What follows is a set of entries. Repeat them exactly, but not their pictures.
== SUPPLIED MATERIAL
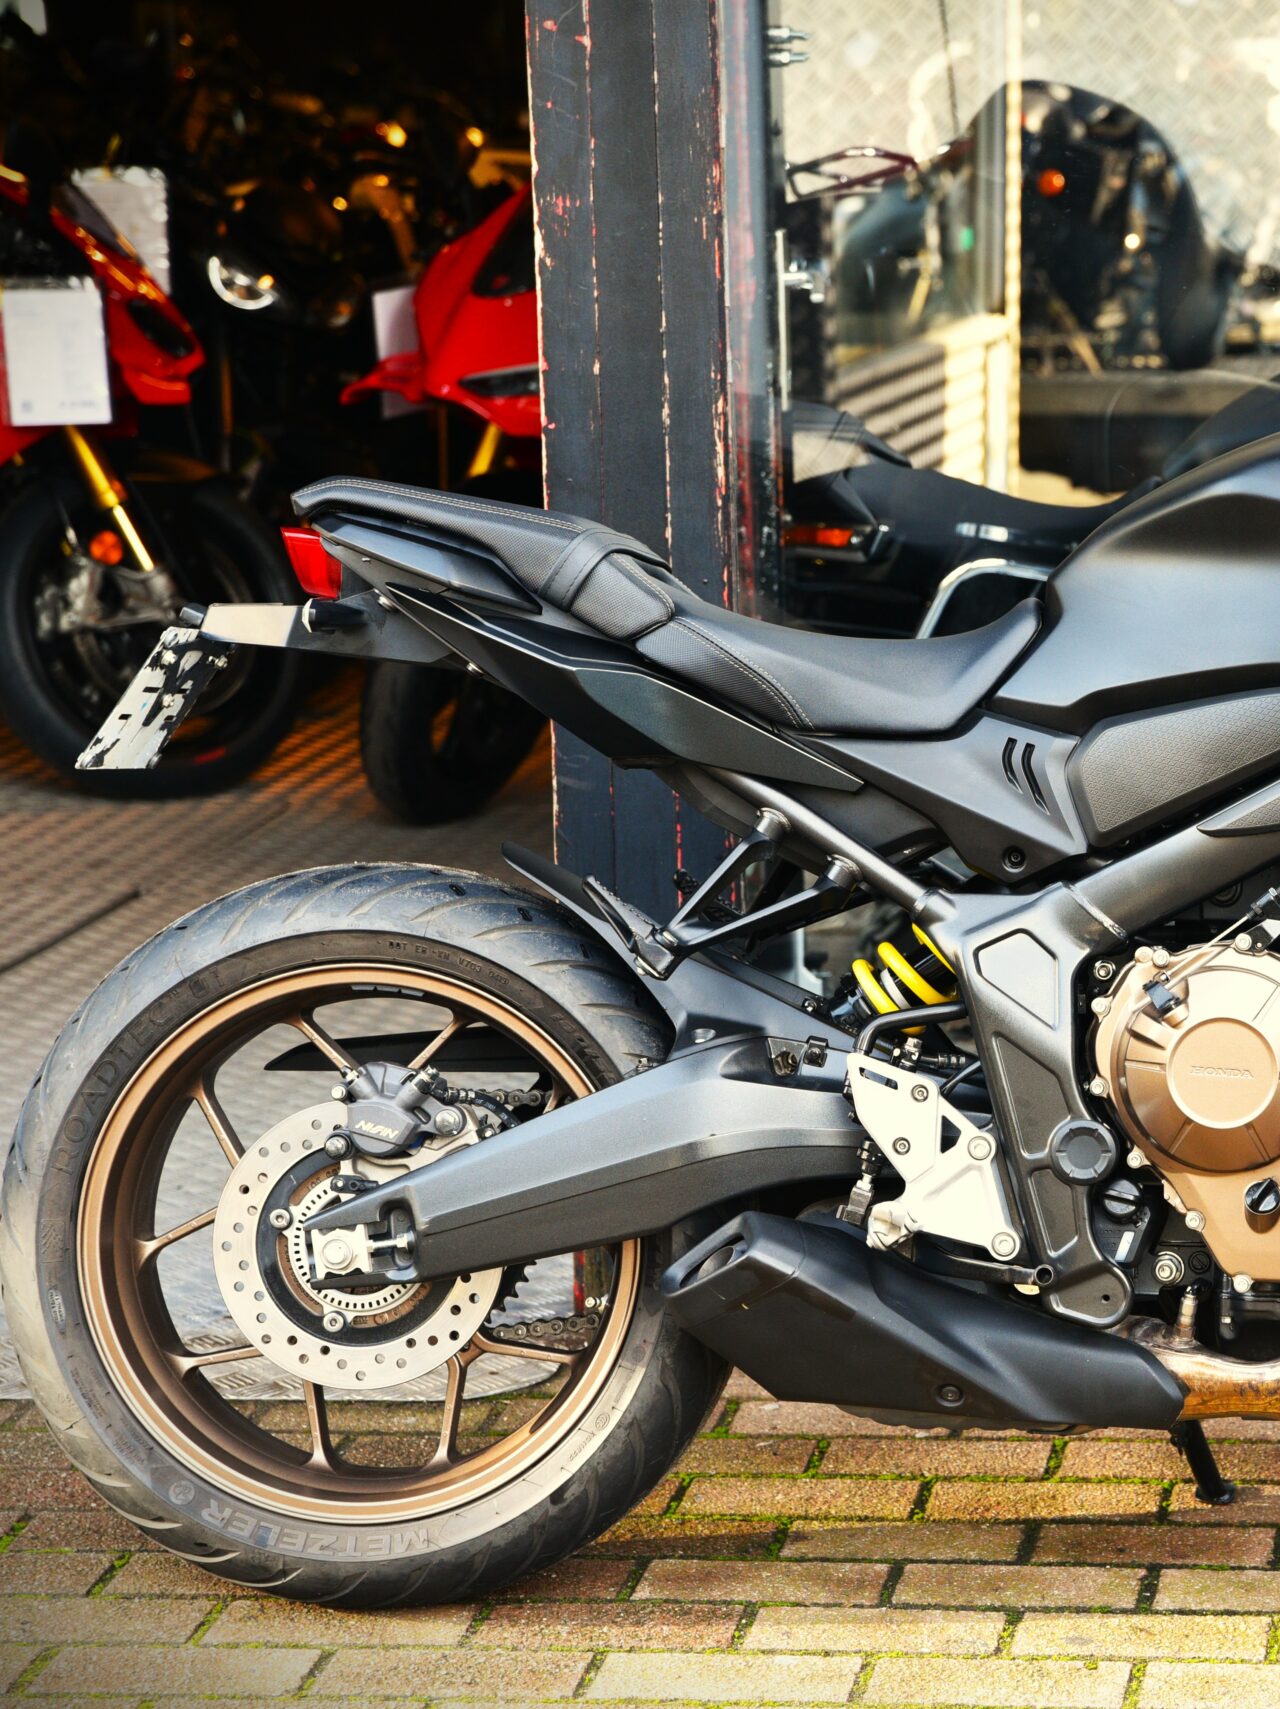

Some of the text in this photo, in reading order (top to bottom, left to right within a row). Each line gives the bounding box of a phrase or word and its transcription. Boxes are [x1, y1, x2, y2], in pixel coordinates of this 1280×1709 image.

[51, 1001, 177, 1176] ROADTEC
[1190, 1065, 1255, 1079] HONDA
[200, 1498, 431, 1557] METZELER
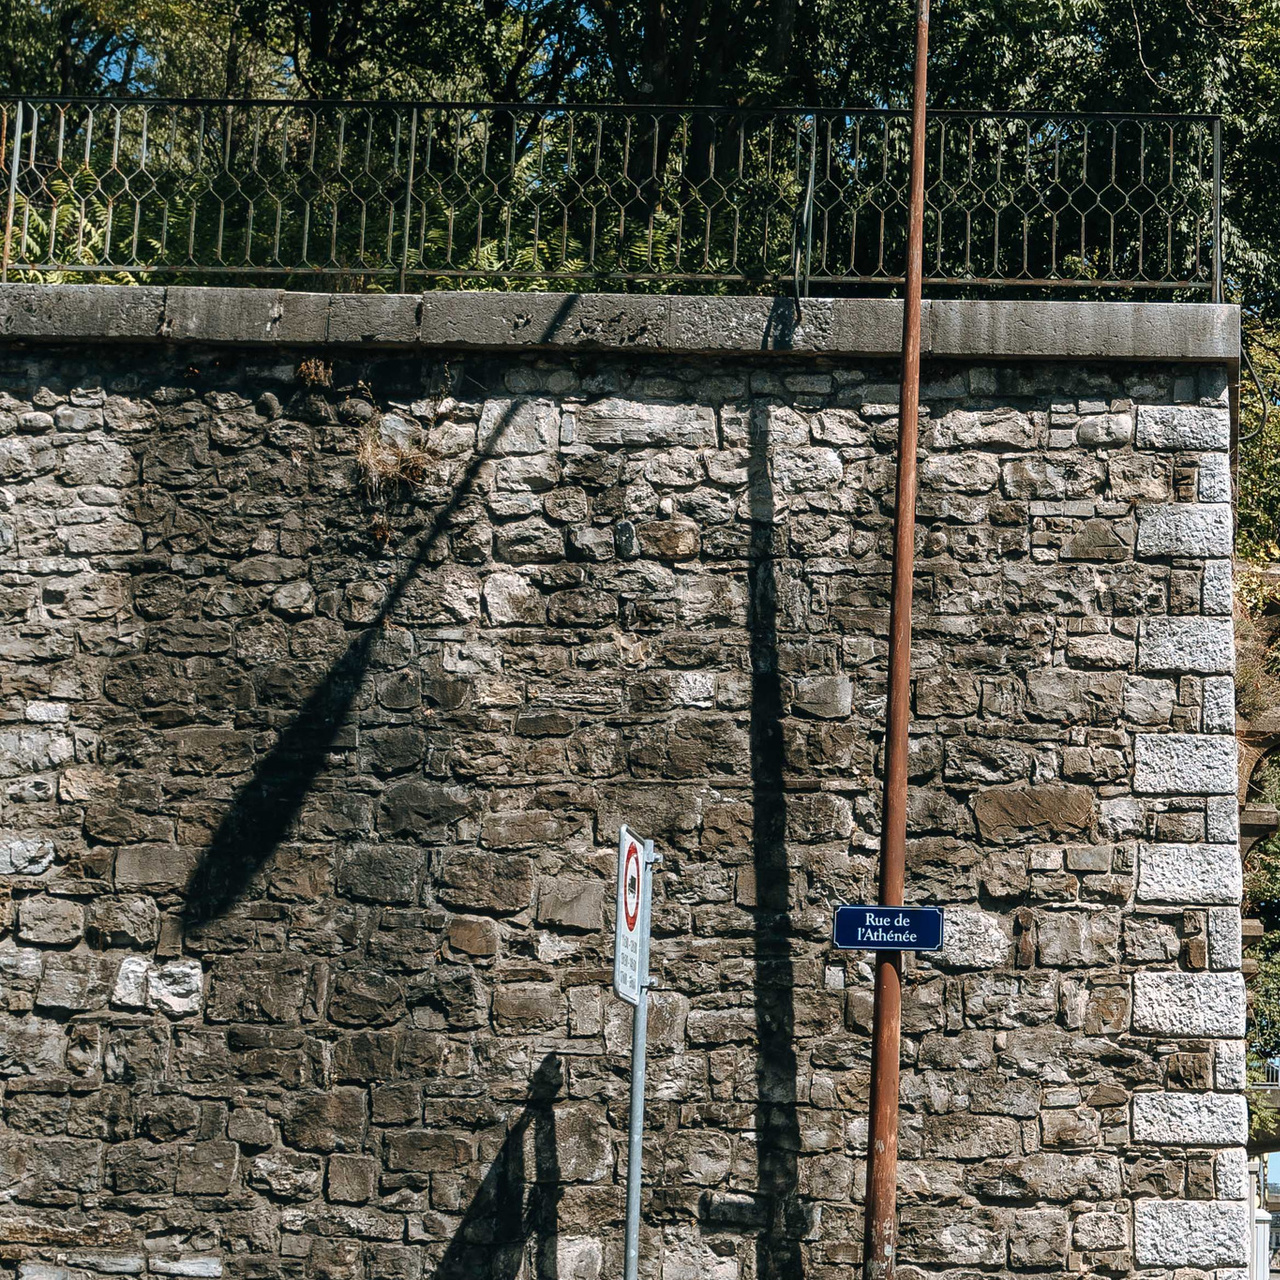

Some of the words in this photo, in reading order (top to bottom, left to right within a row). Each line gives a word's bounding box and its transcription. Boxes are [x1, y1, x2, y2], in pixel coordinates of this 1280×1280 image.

[865, 912, 891, 926] Rue
[894, 913, 910, 927] de
[857, 927, 918, 942] l'Athénée
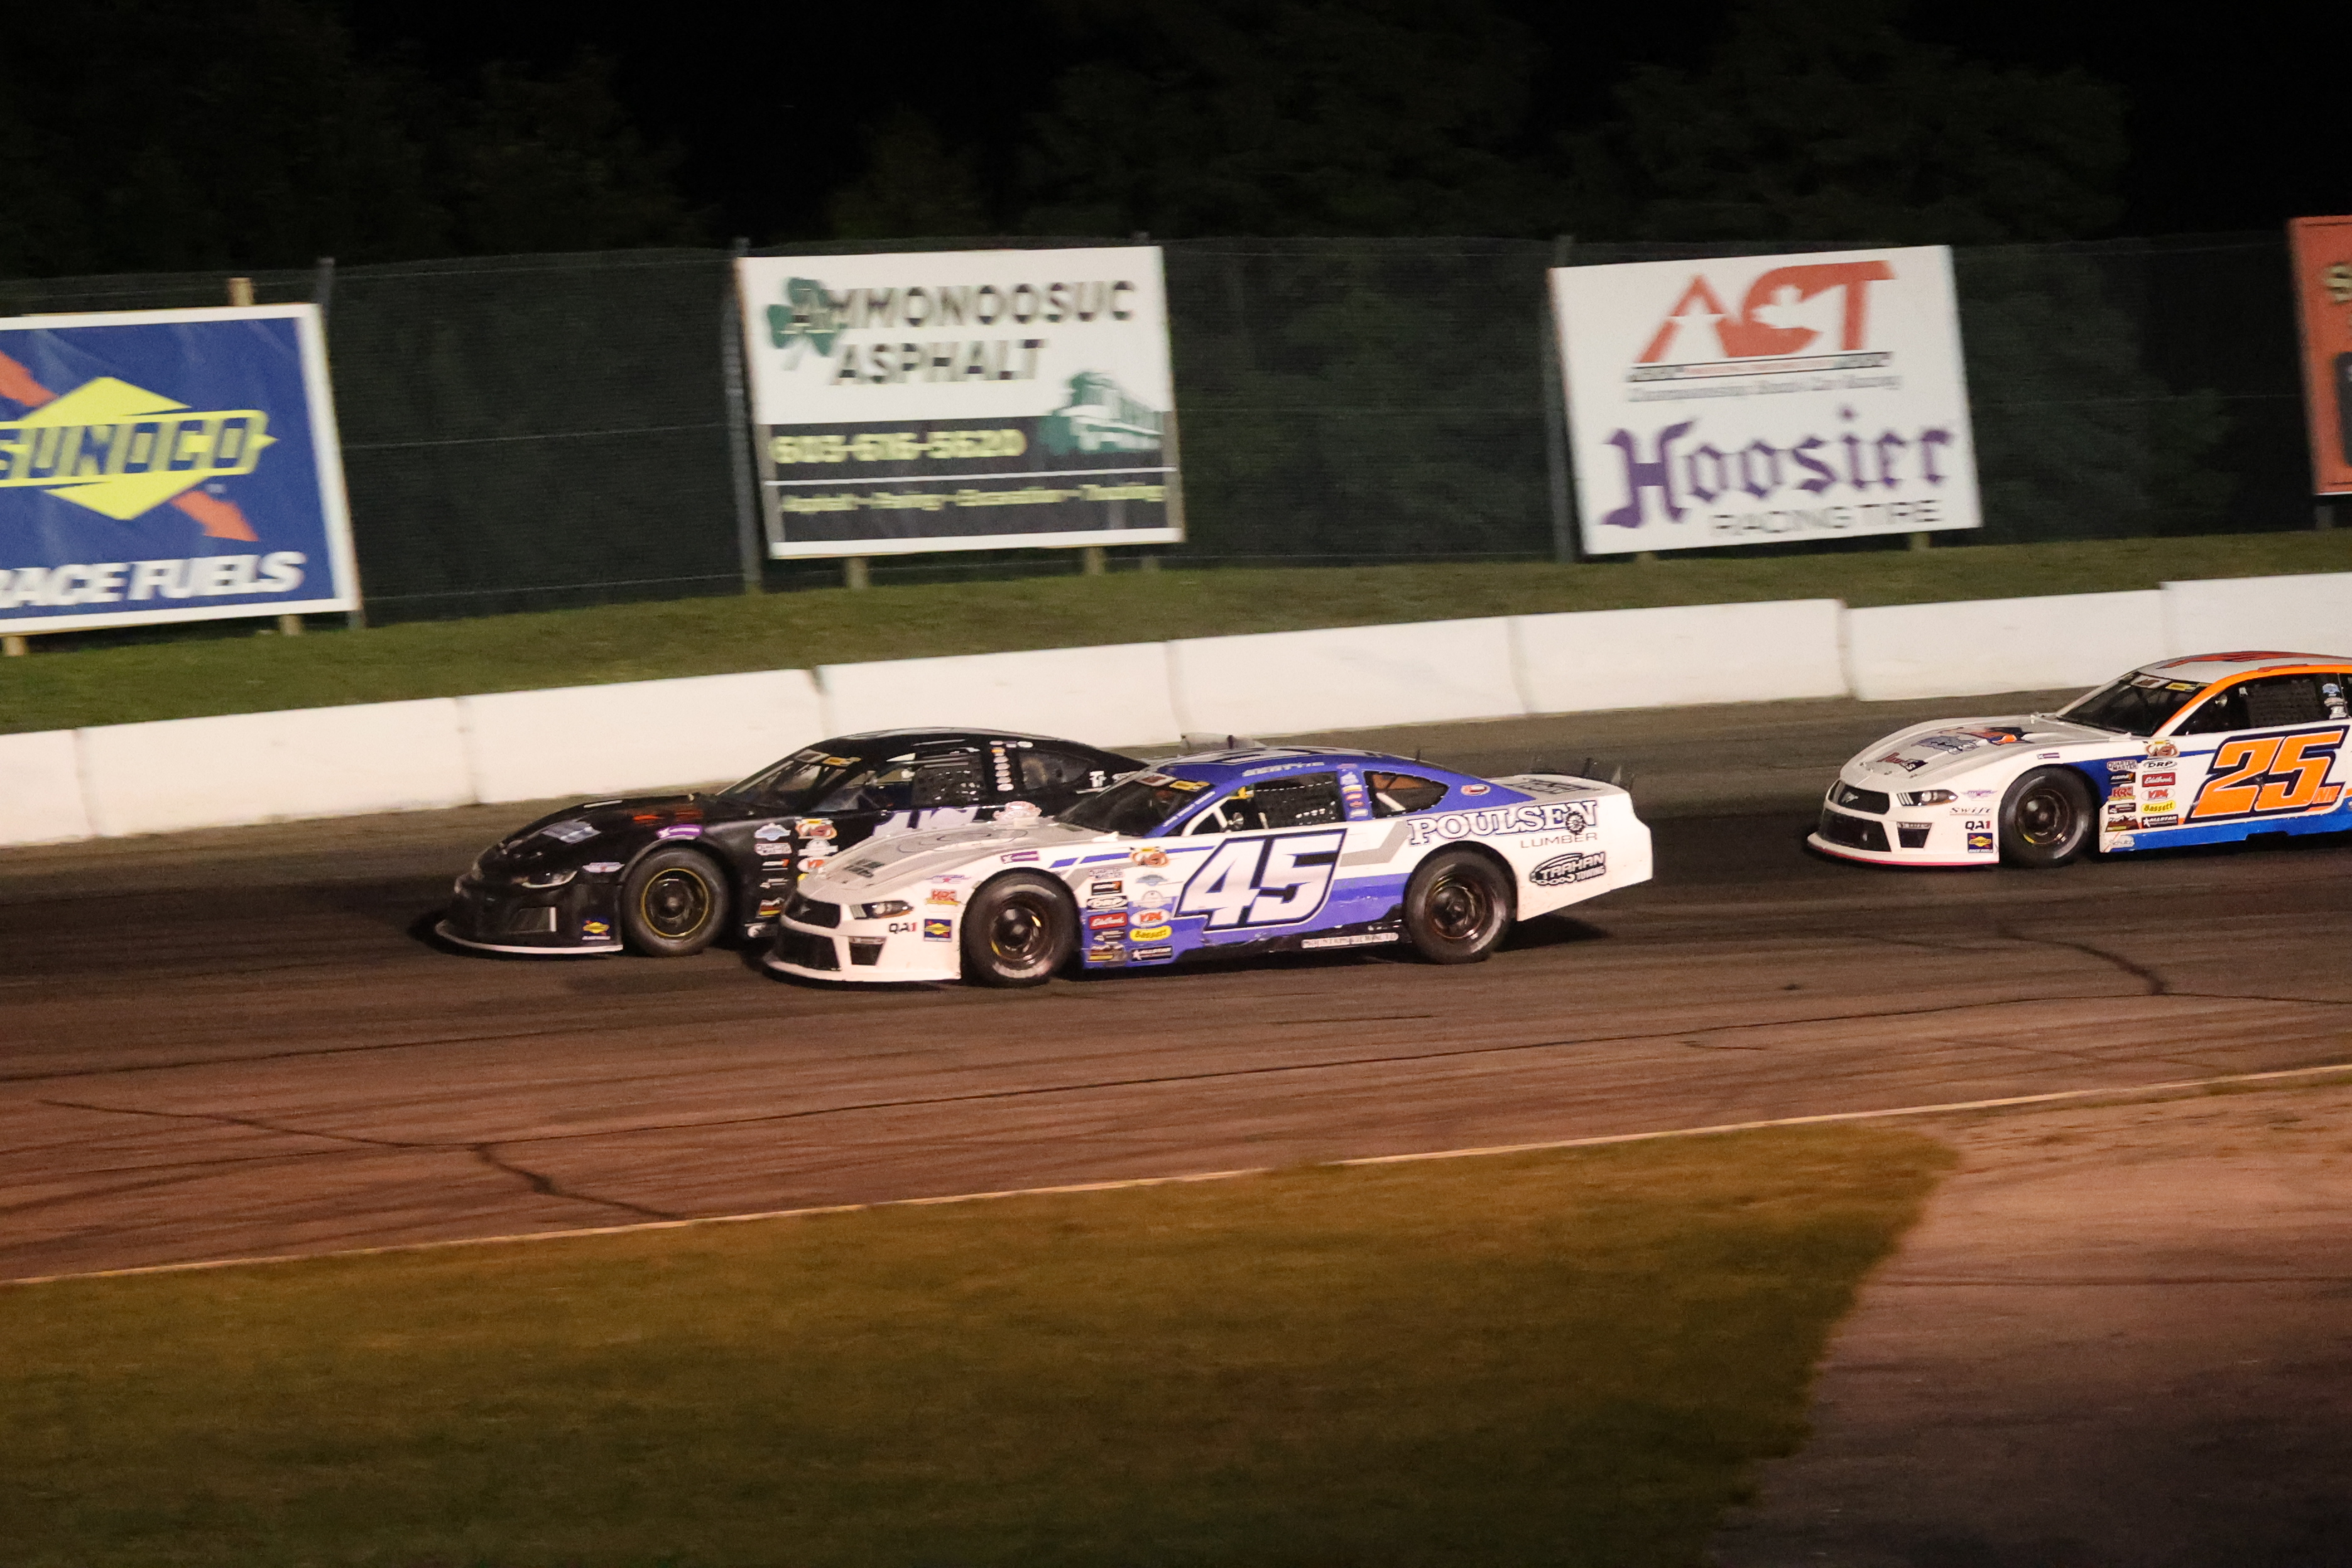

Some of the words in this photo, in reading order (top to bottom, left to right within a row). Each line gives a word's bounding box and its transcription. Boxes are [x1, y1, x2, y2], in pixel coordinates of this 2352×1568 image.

[1634, 259, 1897, 363] ACT
[830, 339, 1047, 384] ASPHALT
[1599, 406, 1953, 528] Hoosier
[128, 551, 307, 600] FUELS
[2189, 729, 2344, 819] 25
[1407, 799, 1598, 846] POULSEN
[1521, 832, 1598, 847] LUMBER
[1965, 820, 1991, 830] QA1
[1177, 832, 1344, 928] 45
[1540, 854, 1605, 879] TRAHAN
[889, 922, 917, 934] QA1
====
→ RESPONSE
Some of the text in this photo, in reading order (top to bottom, left to right within a row). Each line gives the bounding box of a phrase or word and its transcription. Boxes are [x1, y1, x2, y2], in pixel coordinates of this 1280×1709 image.

[51, 1001, 177, 1176] ROADTEC
[1190, 1065, 1255, 1079] HONDA
[200, 1498, 431, 1557] METZELER

Some of the words in this photo, in reading order (top to bottom, left to right within a row). Each line gives a word's bounding box and its transcription. Boxes are [x1, y1, x2, y2], in pixel coordinates of this 1280×1280 image.

[865, 912, 891, 926] Rue
[894, 913, 910, 927] de
[857, 927, 918, 942] l'Athénée

Some of the words in this photo, in reading order (top to bottom, left to right within a row). Each line gives a word's bounding box and its transcription. Boxes are [x1, y1, x2, y2], in pixel coordinates of this 2352×1568 image.

[1634, 259, 1897, 363] ACT
[830, 339, 1047, 384] ASPHALT
[1599, 406, 1953, 528] Hoosier
[128, 551, 307, 600] FUELS
[2189, 729, 2344, 819] 25
[1407, 799, 1598, 846] POULSEN
[1521, 832, 1598, 847] LUMBER
[1965, 820, 1991, 830] QA1
[1177, 832, 1344, 928] 45
[1540, 854, 1605, 879] TRAHAN
[889, 922, 917, 934] QA1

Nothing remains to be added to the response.